My friends, it turned out, were more than happy to oblige. They brought me snacks from the student store and takeout from nearby restaurants. One friend brought me books to read and a scarf she knit for me in case I was cold. My housemate even brought me the toothbrush I had forgotten at home. Soon the shelf above my desk was stocked with food.
In between visits I’d often lazily peer out the window as I sat working at my desk, hoping to see somebody I knew walk by. The path to the music building was just a few feet from my window, and when I’d see someone I knew I’d knock aggressively. Most people didn’t hear me, but I caught the attention of a few friends who, with bemused grins on their faces, came to converse with me and examine my quarters. I’d prolong the conversations as long as I possibly could.
Luckily I wasn’t alone for long. On my second evening my friend Gunnar checked into the Covid jail. PLU asked us to do our own contact tracing, and Gunnar was one of the first people I reached out to. We had worked together the night before, and went to the gym the day before that. Sure enough, I had infected him. This was unfortunate for him, but great news for me; I now had someone to talk to. He ordered us teriyaki that evening, and over the next few days we’d order food several times and hang out in each other’s doorways when we were bored or lonely, which was most of the time. We even started filming small sketches — in which I slowly descended into madness and tormented him — to pass the time.
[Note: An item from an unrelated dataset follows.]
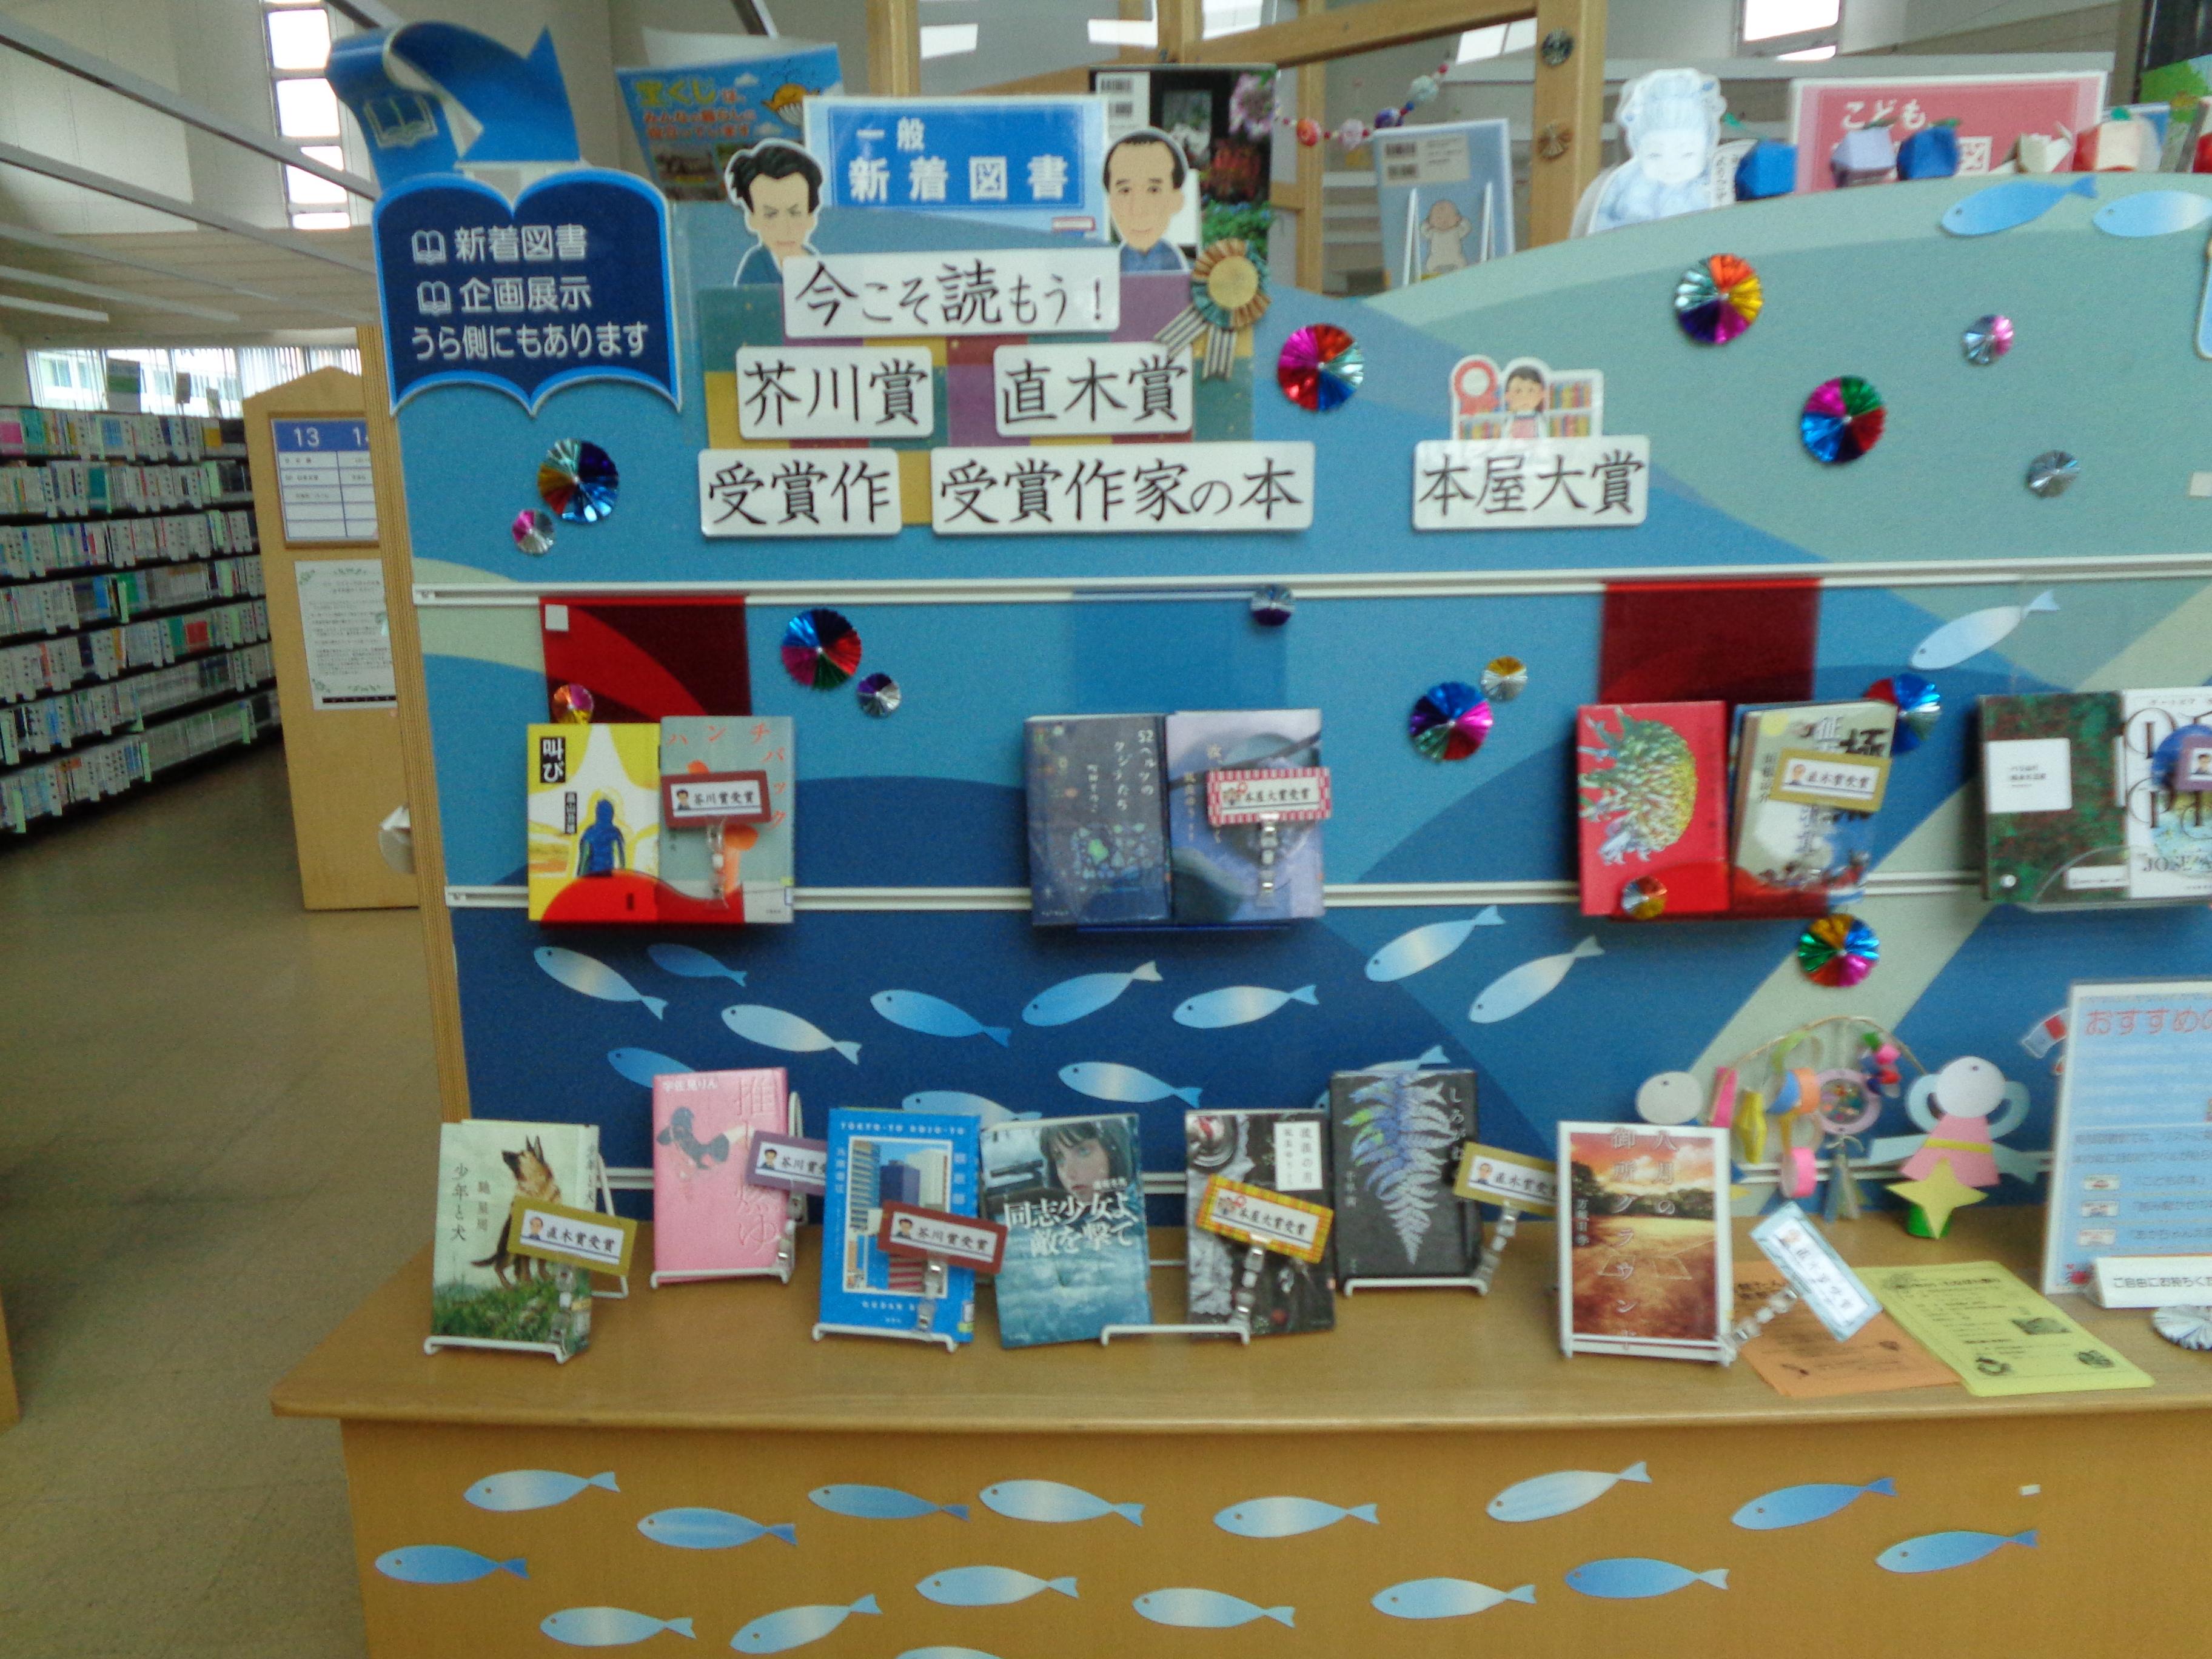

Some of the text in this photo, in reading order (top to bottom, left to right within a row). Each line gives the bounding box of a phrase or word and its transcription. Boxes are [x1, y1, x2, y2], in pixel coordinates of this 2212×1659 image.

Just as there were no fellow quarantinees stirring about the hallways, there was no supervisor of any sort. At first I was wondering if someone would catch Gunnar and I hanging out in the hallways and get us in trouble, but it soon became clear that no such thing would happen. I suppose it makes sense that nobody would want the job of patrolling the Covid ward..
Time sped by in the room. I would take class, do some homework, take a nap, work out and eat, and then it would be bedtime. Before I knew it, it was Monday, and I awoke to an email telling me that I was good to check out.
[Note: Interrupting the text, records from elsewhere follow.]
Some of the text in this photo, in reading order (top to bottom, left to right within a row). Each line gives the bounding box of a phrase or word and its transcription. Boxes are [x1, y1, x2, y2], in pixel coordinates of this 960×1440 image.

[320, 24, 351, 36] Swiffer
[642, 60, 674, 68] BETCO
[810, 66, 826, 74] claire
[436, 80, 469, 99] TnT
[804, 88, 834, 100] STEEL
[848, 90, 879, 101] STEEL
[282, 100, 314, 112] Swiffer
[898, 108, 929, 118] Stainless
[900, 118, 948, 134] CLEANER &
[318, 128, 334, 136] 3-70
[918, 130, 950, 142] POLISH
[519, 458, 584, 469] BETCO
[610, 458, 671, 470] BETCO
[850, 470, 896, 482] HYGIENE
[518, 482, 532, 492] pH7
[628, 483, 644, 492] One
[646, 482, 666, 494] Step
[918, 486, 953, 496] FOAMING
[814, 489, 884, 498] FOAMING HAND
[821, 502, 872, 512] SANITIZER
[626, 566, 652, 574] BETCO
The thing was, I didn’t want to go. I had grown comfortable in my large, empty new home. Sure, I missed being outside. And yes, whenever I moved in my bed the fitted sheet ripped off. And there sounded like there were people moving inside the walls. But hey, I was getting a lot of work done, had all the time in the world (and the empty floor space) to work out, and was now loaded up on food and snacks.
I was granted an extension to stay one more day. I used it to get as much work done as I could before returning to the real world. I even enjoyed a bath in the dorm’s bathtub, which, after removing the many hairs scattered around, was rather enjoyable despite the responses of horror from my friends.
Tuesday morning I said a bittersweet goodbye to Gunnar, who was to stay on two more days, and stepped outside into the sunlight once again. I had to get moving; Covid positive or not, I was expected back at work in a few hours.